As you might expect, Alexa Custom Assistant piggybacks atop Alexa’s technology and infrastructure, so it’s not quite the same thing as customizing your own digital assistant from scratch. Nonetheless, Amazon is clearly hoping that companies use the service to build out assistants with specialized commands, skills, and ‘wake words.’ 

“By reducing the burden of building the core capabilities of an intelligent assistant, companies can focus their time and resources on creating unique capabilities that delight their customers,” reads the description on Amazon’s developer blog. “The Alexa Custom Assistant makes this easy by enabling developers to leverage the familiar Alexa Skills Kit (ASK) technology to build bespoke capabilities tailored to their brand and accessed through a unique wake word.” But this isn’t like other developer platforms where you can launch the SDK and get to work; Amazon wants you to sign up on a list

At this year’s (virtual) CES, Amazon suggested that highly customized versions of Alexa would end up in high-end cars, including the Lamborghini.
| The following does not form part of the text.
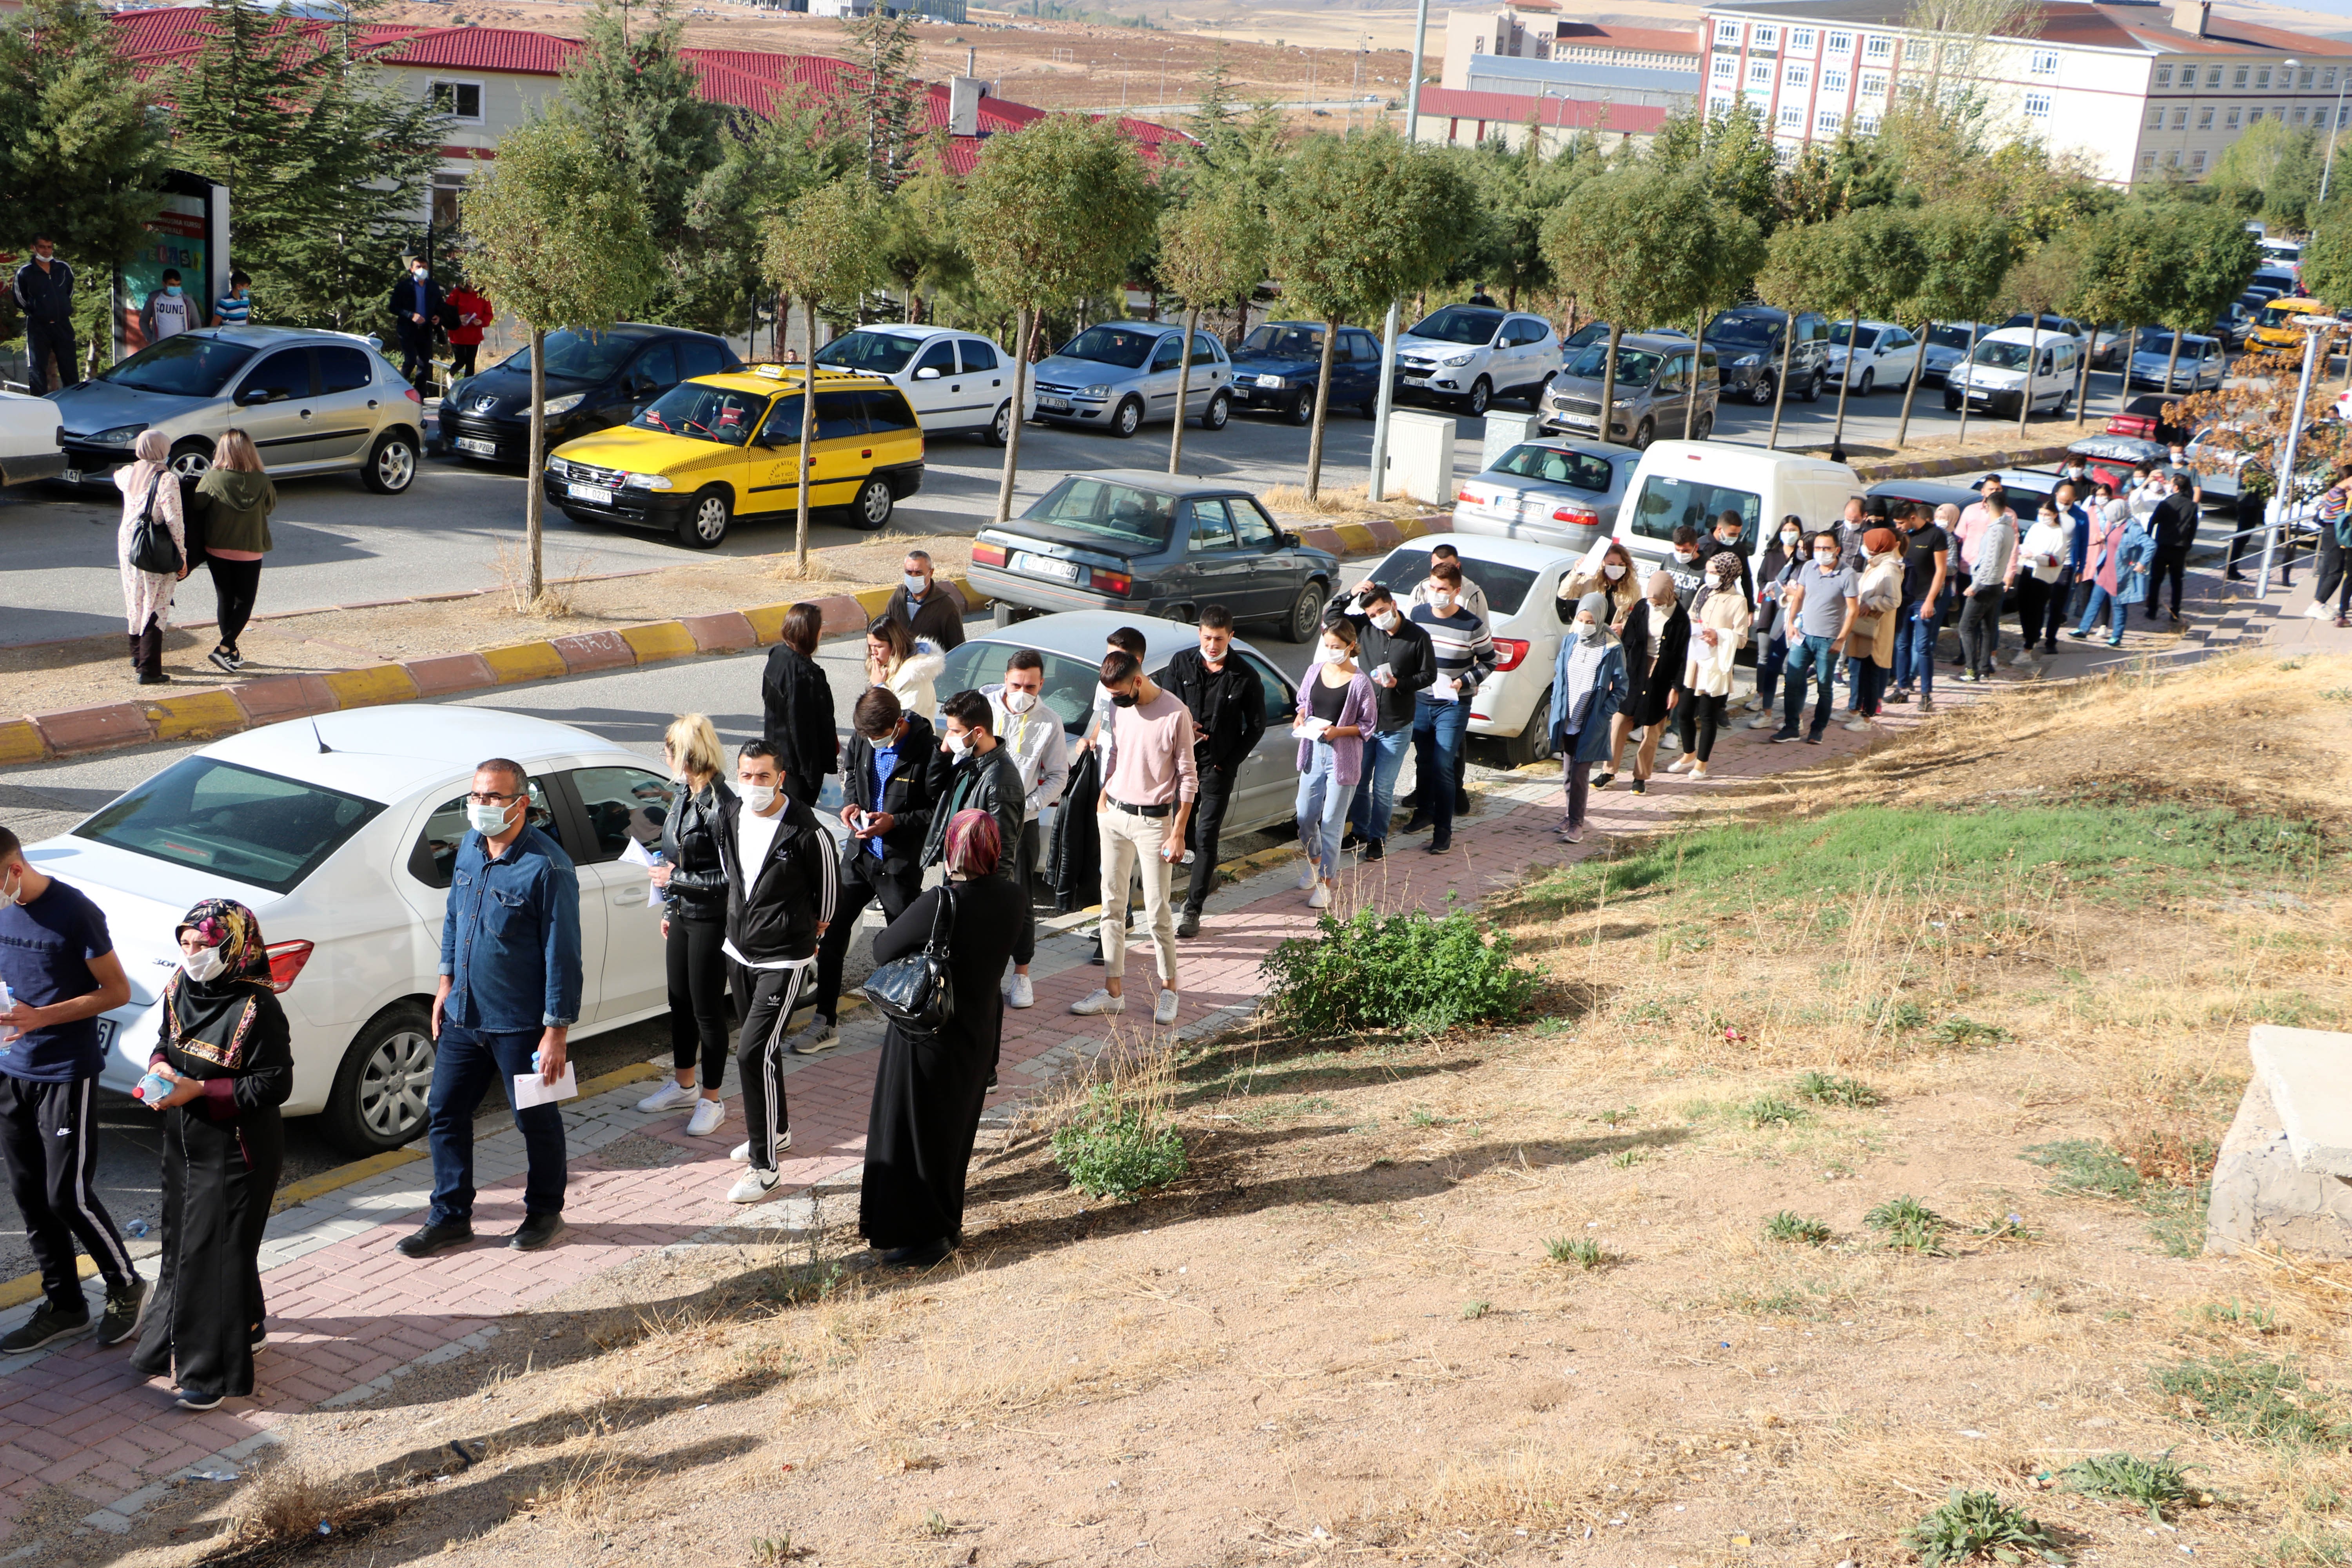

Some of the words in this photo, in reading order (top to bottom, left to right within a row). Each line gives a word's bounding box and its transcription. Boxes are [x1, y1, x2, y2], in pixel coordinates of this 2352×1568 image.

However, Amazon’s blog post makes it clear that it wants to expand the Custom Assistant to everything from vehicles to exercise machines. In some ways, Amazon’s move with Alexa is reminiscent of what Google did with Android, tying legions of developers and companies to its underlying infrastructure, even if the consumer-facing part of the product is so highly customized it’s unrecognizable as “vanilla” Alexa.

For the past few years, it’s been clear that A.I. and machine learning technologies that allow companies to handle customer-service interactions will only continue to grow over the next decade and beyond. Even if you don’t work in a technology segment that overlaps with A.I., chances are very good that will change in the near future, as companies everywhere are interested in making their products “smarter” and more interactive.